Impactos da instabilidade política no Brasil
Enviada em 16/06/2020
O Brasil enfrenta atualmente aquilo que se convencionou chamar de “tempestade perfeita”, que consiste na combinação de uma crise sanitária (pandemia covid-19) com as consequentes crises econômica e política. Notoriamente, o desafio ao qual o mundo está submetido e seu respectivo remédio - ou melhor, a ausência dele - acarreta em uma necessidade de isolamento social como única medida eficaz para freiar o alastramento da enfermidade, culminando em uma depressão econômica, que no caso brasileiro está sendo drasticamente agravada pela instabilidade política gerada pelo comportamento controverso do Presidente da República, e sua falta de apreço pela liturgia do cargo que ocupa.

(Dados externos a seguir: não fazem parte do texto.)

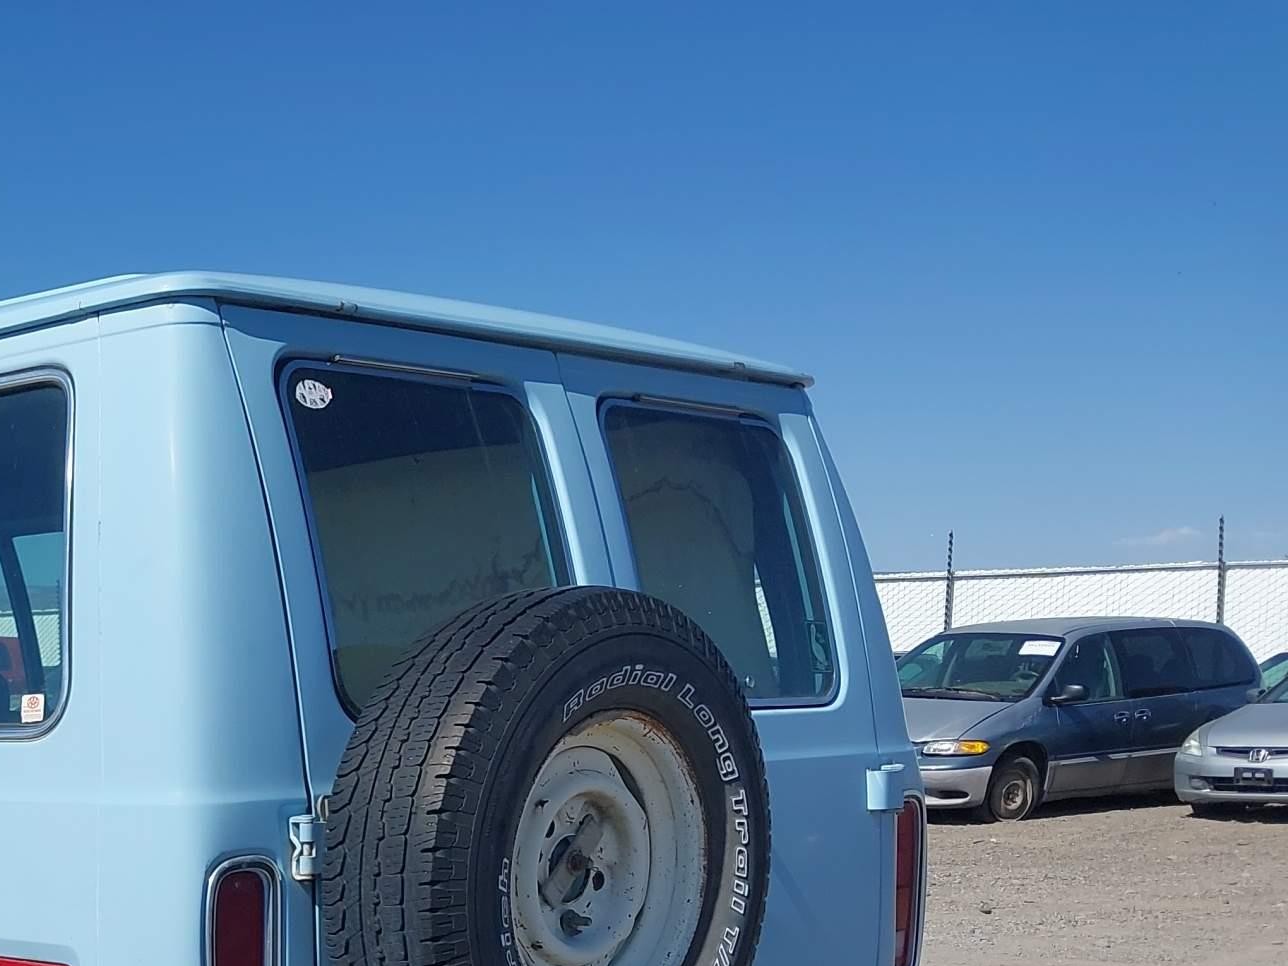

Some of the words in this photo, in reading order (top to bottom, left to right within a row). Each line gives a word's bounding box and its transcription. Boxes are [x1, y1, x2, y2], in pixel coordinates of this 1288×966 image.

[562, 664, 677, 722] Radial
[676, 683, 740, 782] Long
[730, 789, 750, 915] Trail
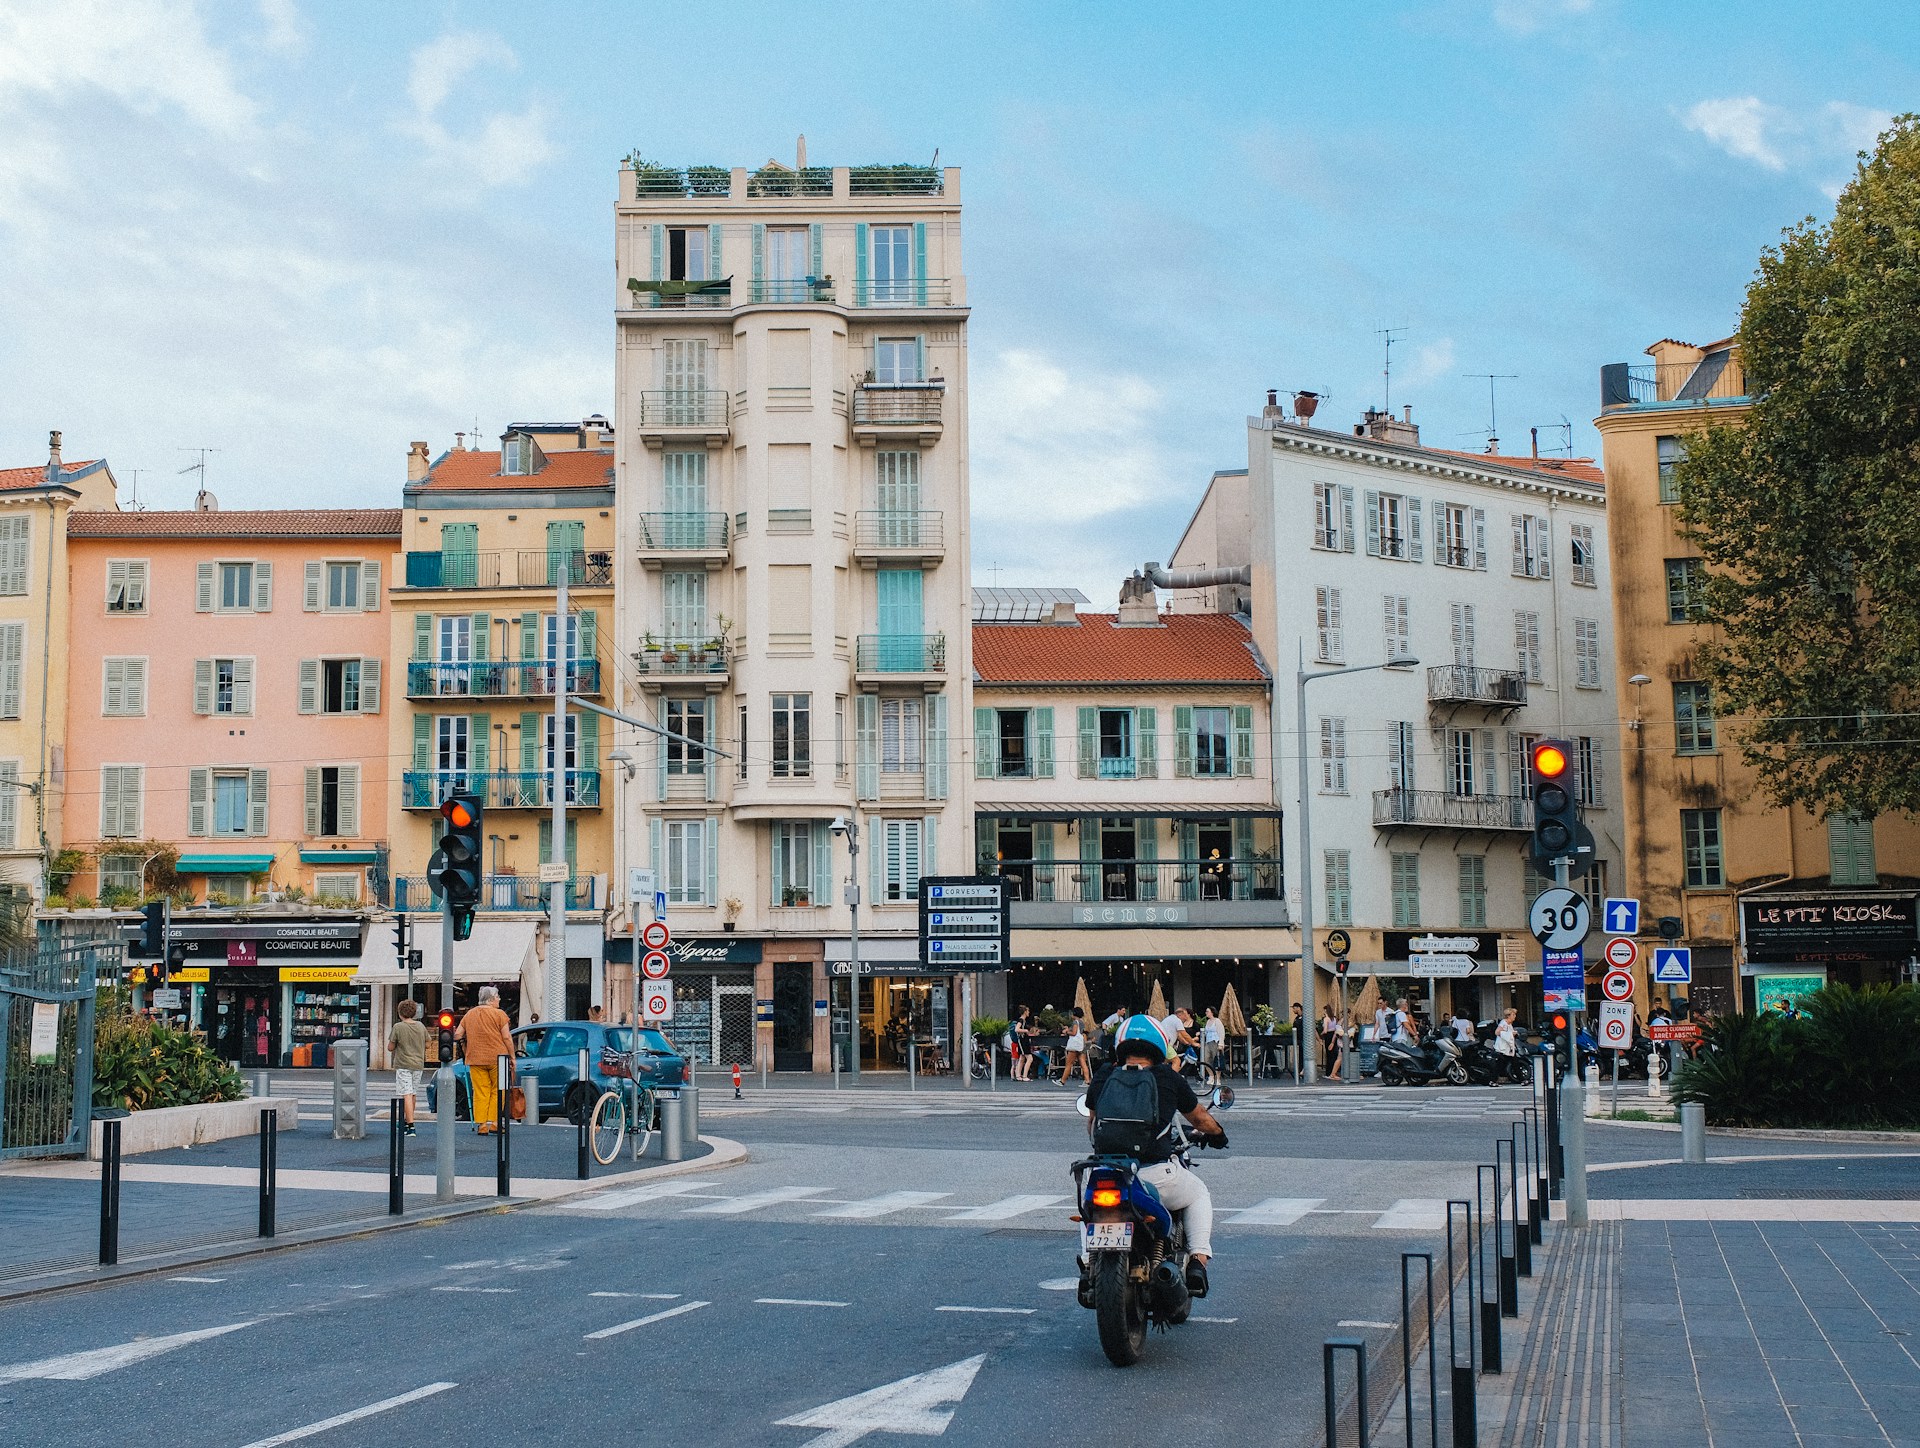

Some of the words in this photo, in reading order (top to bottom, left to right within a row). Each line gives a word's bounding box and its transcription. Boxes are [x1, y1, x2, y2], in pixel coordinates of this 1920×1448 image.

A falta de articulação política do governo e a decorrente polarização que se estabeleceu engendrou um contexto em que a cooperação entre as diversas esferas de poder ficou comprometida, prejudicando a resposta à crise que se avizinhava, criando as premissas para que a depressão econômica ora vivida se instalasse. Houve um evidente descompasso na atuação do governo federal e seus pares à nível estadual e municipal, de forma que se tornou imprescíndivel a mediação do STF delegando poderes aos Governadores e Prefeitos para gerir localmente a crise, criando uma panacéia de medidas desconexas que geraram a perda de inúmeras vidas e empregos.
Como fruto de tal ambiente tensionado verificou-se uma escalada da retórica reacionária por parte dos defensores do governo, que fizeram mira aos demais poderes constituídos, a saber o Legislativo e o Judiciário, denotando uma ameaça de ruptura do tecido democrático nacional. Chegou-se a buscar amparo, ainda que de forma equivocada, na letra da Constituição Federal, mais especificamente em seu artigo 142, cujo teor estabelece que “As Forças Armadas… destinam-se à defesa da Pátria, à garantia dos poderes constitucionais e, por iniciativa de qualquer destes, da lei e da ordem” para justificar uma eventual intervenção na Suprema Corte brasileira.
Para enfrentar tal situação, faz-se mister que se fortaleça o sistema de freios e contrapesos inerente ao equilíbrio dos poderes preconizado por Montesquieu, através de uma massiva participação popular demandando o abandono de posturas enviesadas revestidas de caráter ditatorial em prol de uma postura pragmática - tanto política quanto economicamente - que acarrete no fortalecimento das instituições democráticas estabelecidas. Com isto, estariam criadas as condições necessárias para um posterior renascimento econômico fundado na confiança, por parte dos agentes nacionais e internacionais, de que no Brasil as regras são respeitadas, gerando um ambiente propício para o desenvolvimento econômico e social, assim minimizando os impactos da instabilidade política atual.